Note that the slightly better sounding of the two sides here is the second side, which we feel is the stronger side of the album. with Beat It, followed by Billie Jean and ending on the single most emotional song MJ ever sang, The Lady in My Life.

Clearly one of the greatest lineups to be found on any side of any album from any era. No other Michael Jackson album can hold a candle to it.

The sound on this copy is huge, with the kind of three-dimensional soundstaging that lets the music unfold in front of you and around you as well. The bass is meaty and well-defined, showing you the rhythmic foundation that the music needs. The overall sound is transparent with amazing texture to practically every element.

Michael’s voice is marvelous on this copy — breathy, textured, and positively dripping with emotion (just listen to him break down on The Lady in My Life).

What amazing sides such as these have to offer is not hard to hear:

  • The biggest, most immediate staging in the largest acoustic space
  • The most Tubey Magic, without which you have almost nothing. CDs give you clean and clear. Only the best vintage vinyl pressings offer the kind of Tubey Magic that was on the tapes in 1982
  • Tight, note-like, rich, full-bodied bass, with the correct amount of weight down low
  • Natural tonality in the midrange — with all the instruments (and effects!) having the correct timbre
  • Transparency and resolution, critical to hearing into the three-dimensional studio space

No doubt there’s more but we hope that should do for now. Playing the record is of course the only way to hear all of the above.

Big Sound

This is some of the best High-Production-Value rock music of the ’80s. The amount of effort that went into the recording of Thriller is comparable to that expended by the engineers and producers of bands like Supertramp, The Who, Jethro Tull, Ambrosia, Pink Floyd and far too many of our favorites to list. It seems that no effort or cost was spared in making the home listening experience as compelling as the recording technology of the day permitted.

Sound that came Jumping-out-of-the-speakers coupled with driving rhythmic energy were the hallmarks of the best copies. These qualities really brought this complex music to life, gave it room to breathe, and made it possible for us to enjoy the hell out of it. This is yet another definition of a Hot Stamper — it’s the copy that lets the music work as music.

TRACK LISTING

Side One

Wanna Be Startin’ Somethin’
Baby Be Mine
The Girl Is Mine
Thriller

Side Two

Beat It 
Billie Jean
Human Nature
P.Y.T. (Pretty Young Thing)
The Lady in My Life

AMG  5 Star Review

Michael Jackson’s records always make for tough shootouts. His everything-but-the-kitchen-sink approach to recording make it difficult to translate so much sound to disc. vinyl or otherwise. Everything has to be tuned up and on the money before we can even hope to get the record sounding right. (Careful VTA adjustment could not be more critical in this respect.)

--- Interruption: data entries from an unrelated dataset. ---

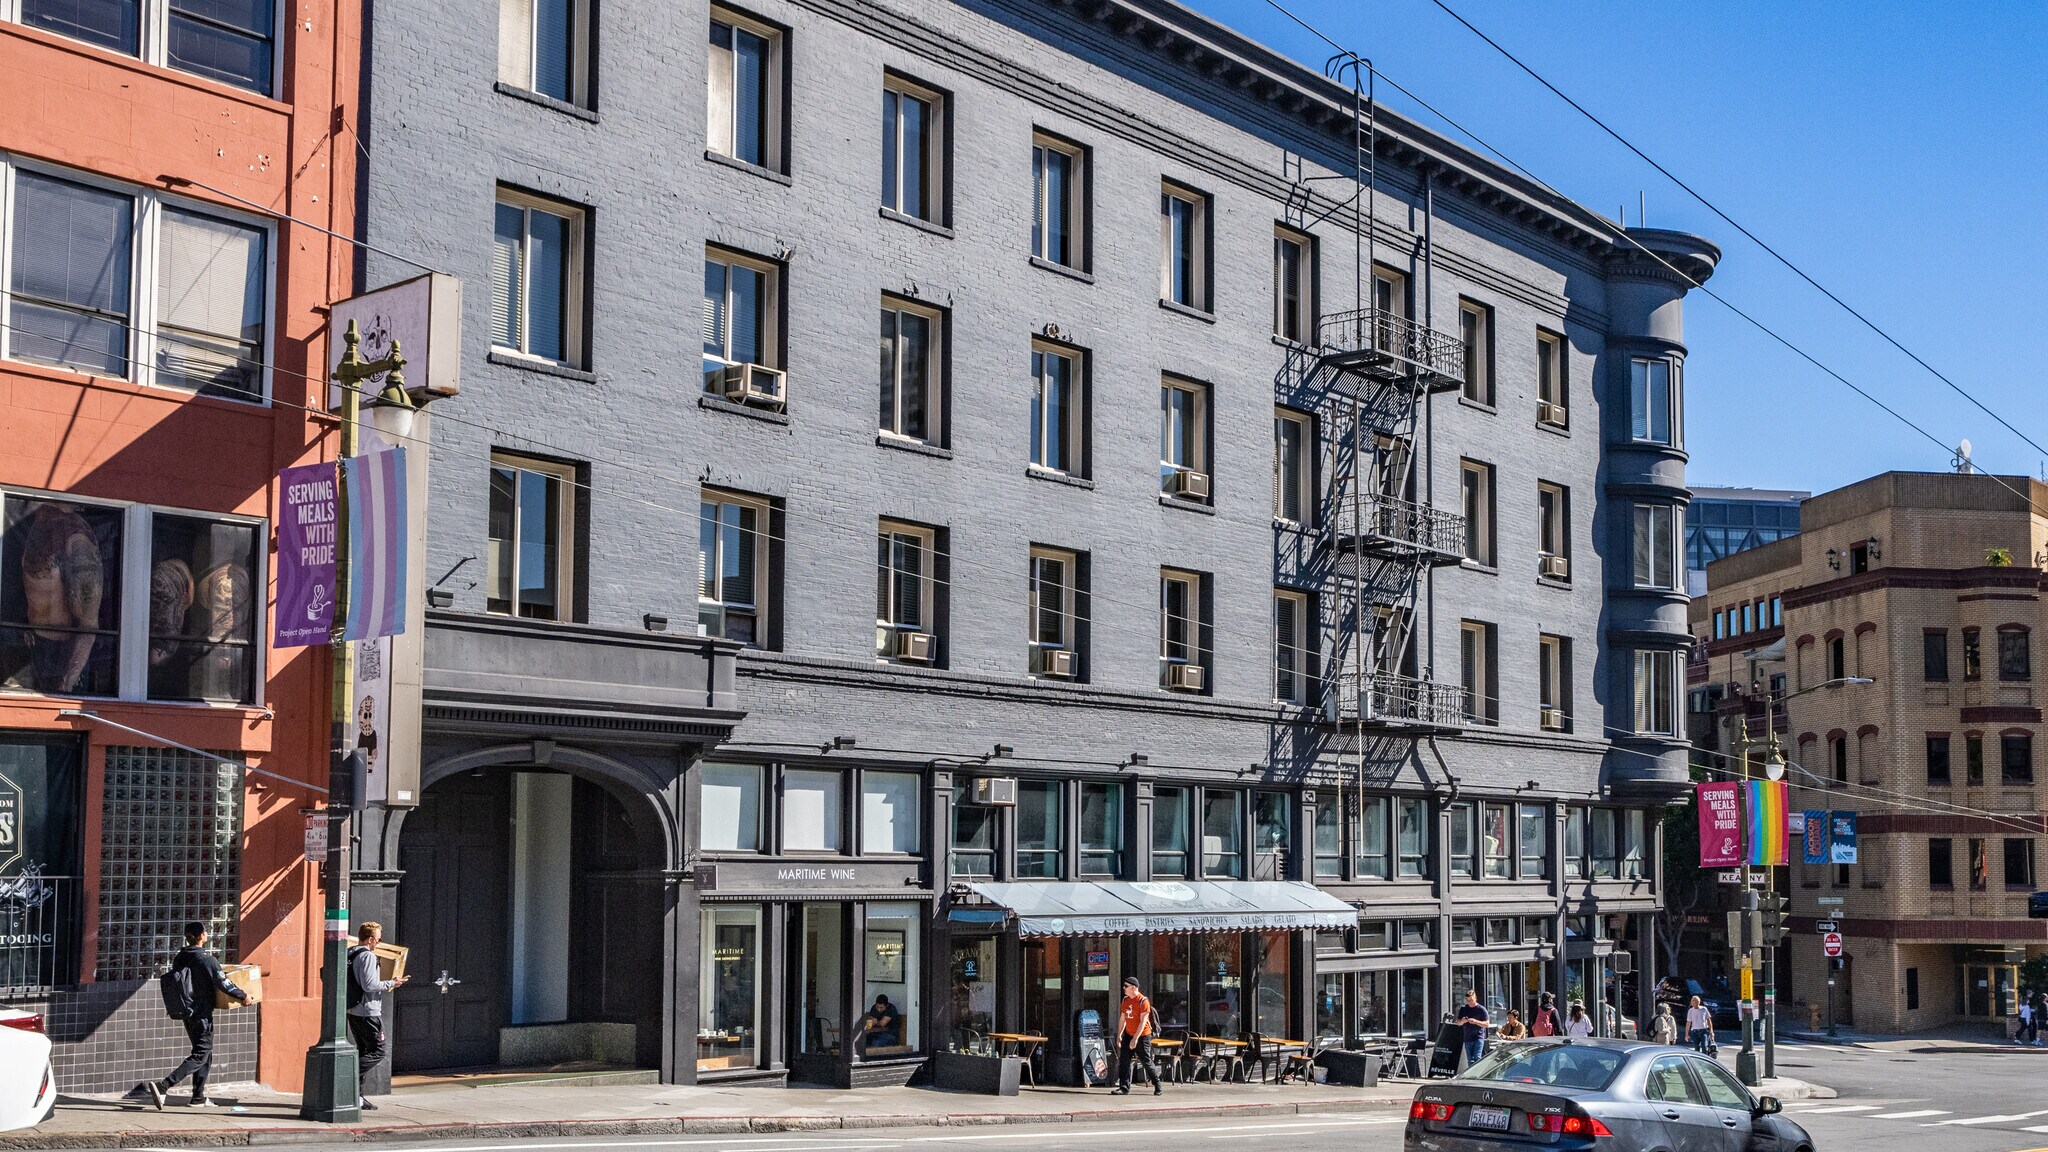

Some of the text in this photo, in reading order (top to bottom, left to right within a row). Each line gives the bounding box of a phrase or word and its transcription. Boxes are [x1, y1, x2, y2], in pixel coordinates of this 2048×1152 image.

[288, 480, 333, 504] SERVING
[298, 502, 334, 524] MEALS
[306, 524, 334, 545] WITH
[302, 545, 334, 566] PRIDE
[280, 625, 327, 638] Project Open Hand
[1703, 790, 1734, 800] SERVING
[1710, 800, 1736, 810] MEALS
[1716, 810, 1736, 819] WITH
[1714, 820, 1737, 829] PRIDE
[778, 869, 855, 880] MARITIME WINE
[1104, 918, 1130, 928] COFFEE
[1146, 916, 1175, 927] PASTRIES
[1189, 916, 1228, 926] SANDWICHES
[1240, 916, 1263, 924] SALADS
[1274, 915, 1296, 923] GELATO
[1430, 1066, 1455, 1074] RÉVEILLE

If we’re not hearing the sound we want, we keep messing with the adjustments until we do. There is no getting around sweating the details when sitting down to test a complex recording such as this. If you can’t stand the tweaking tedium, get out of the kitchen (or listening room as the case may be). Obsessing over every aspect of a record’s reproduction is what we do for a living. This kind of Big Rock Recording requires us to be at the top of our game, both in terms of reproducing the albums themselves as well as evaluating the merits of individual pressings.

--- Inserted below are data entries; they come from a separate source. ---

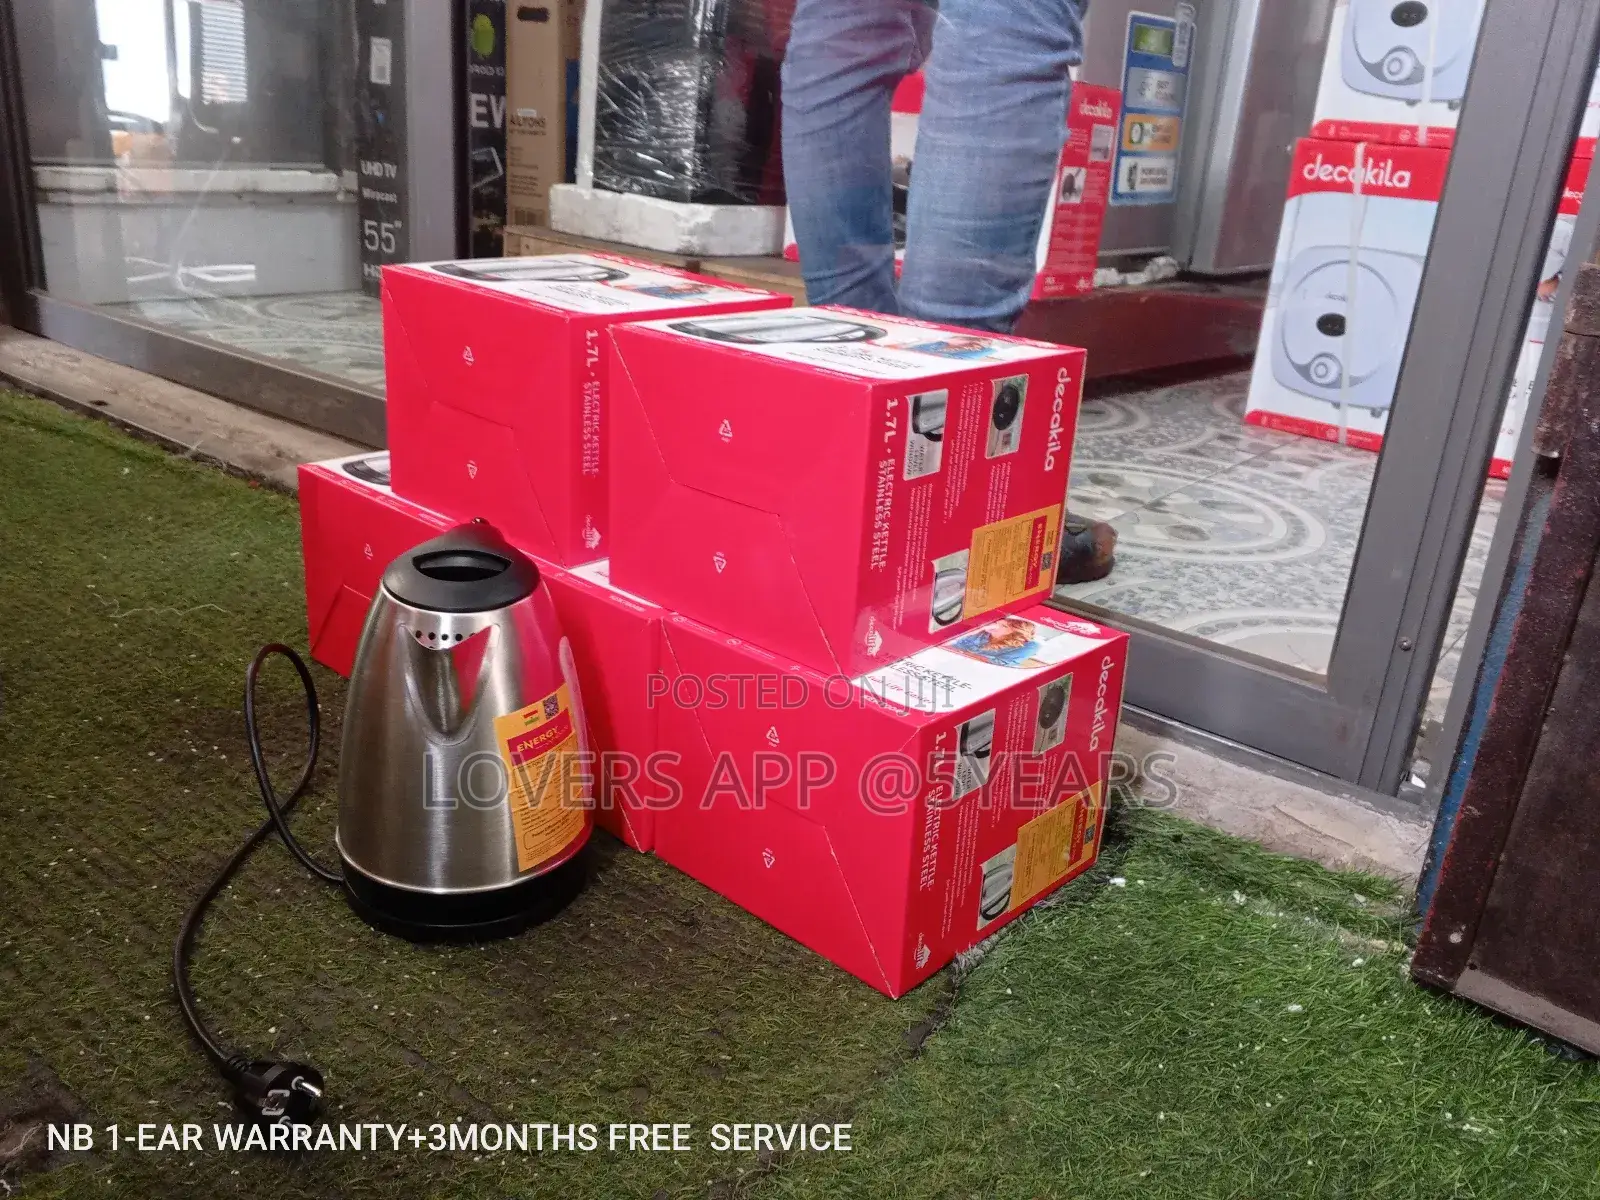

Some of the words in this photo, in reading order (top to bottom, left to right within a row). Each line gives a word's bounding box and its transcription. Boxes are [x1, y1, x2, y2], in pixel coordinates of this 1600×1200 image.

[1302, 153, 1412, 188] decakila
[585, 329, 599, 368] 1.7L
[884, 398, 899, 443] 1.7L
[1044, 366, 1071, 472] decakila
[874, 460, 887, 529] STAINLESS
[883, 459, 896, 519] ELECTRIC
[870, 531, 881, 570] STEEL
[1089, 655, 1112, 752] decakila
[517, 727, 558, 752] ENERGY
[923, 789, 936, 853] STAINLESS
[931, 785, 944, 842] ELECTRIC
[920, 855, 930, 892] STEEL

When you love it, it’s not work, it’s fun. Tedious, occasionally exasperating fun, but still fun

A Thrilling Shootout

Michael Jackson’s records always make for tough shootouts. His everything-but-the-kitchen-sink approach to recording make it difficult to translate so much sound to disc. vinyl or otherwise. Everything has to be tuned up and on the money before we can even hope to get the record sounding right. (Careful VTA adjustment could not be more critical in this respect.)

If we’re not hearing the sound we want, we keep messing with the adjustments until we do. There is no getting around sweating the details when sitting down to test a complex recording such as this. If you can’t stand the tweaking tedium, get out of the kitchen (or listening room as the case may be). Obsessing over every aspect of a record’s reproduction is what we do for a living. This kind of Big Rock Recording requires us to be at the top of our game, both in terms of reproducing the albums themselves as well as evaluating the merits of individual pressings.

When you love it, it’s not work, it’s fun. Tedious, occasionally exasperating fun, but still fun.

A Real Thrill(er)

Thanks to constant improvements in our stereo, we’re now getting this album to sound better than it ever has. Extended highs appeared where none had been before. We were hearing synthesizers buried deep in the mix we’d never heard. All of a sudden, these ’80s pop records had amazing analog magic.

If your system is up to the task, you won’t believe how big and lively this album sounds. Who woulda thunk it?

Good old Bernie Grundman handled the mastering and managed to do a really nice job; unfortunately, most copies of this mass-produced classic don’t give you all that much of the magic.

Size & Space

One of the qualities that we don’t talk about on the site nearly enough is the SIZE of the record’s presentation. Some copies of the album just sound small — they don’t extend all the way to the outside edges of the speakers, and they don’t seem to take up all the space from the floor to the ceiling. In addition, the sound can often be recessed, with a lack of presence and immediacy in the center.

Other copies — my notes for these copies often read “BIG and BOLD” — create a huge soundfield, with the music positively jumping out of the speakers. They’re not brighter, they’re not more aggressive, they’re not hyped-up in any way, they’re just bigger and clearer.

And most of the time those very special pressings just plain rock harder. When you hear a copy that does all that, it’s an entirely different listening experience.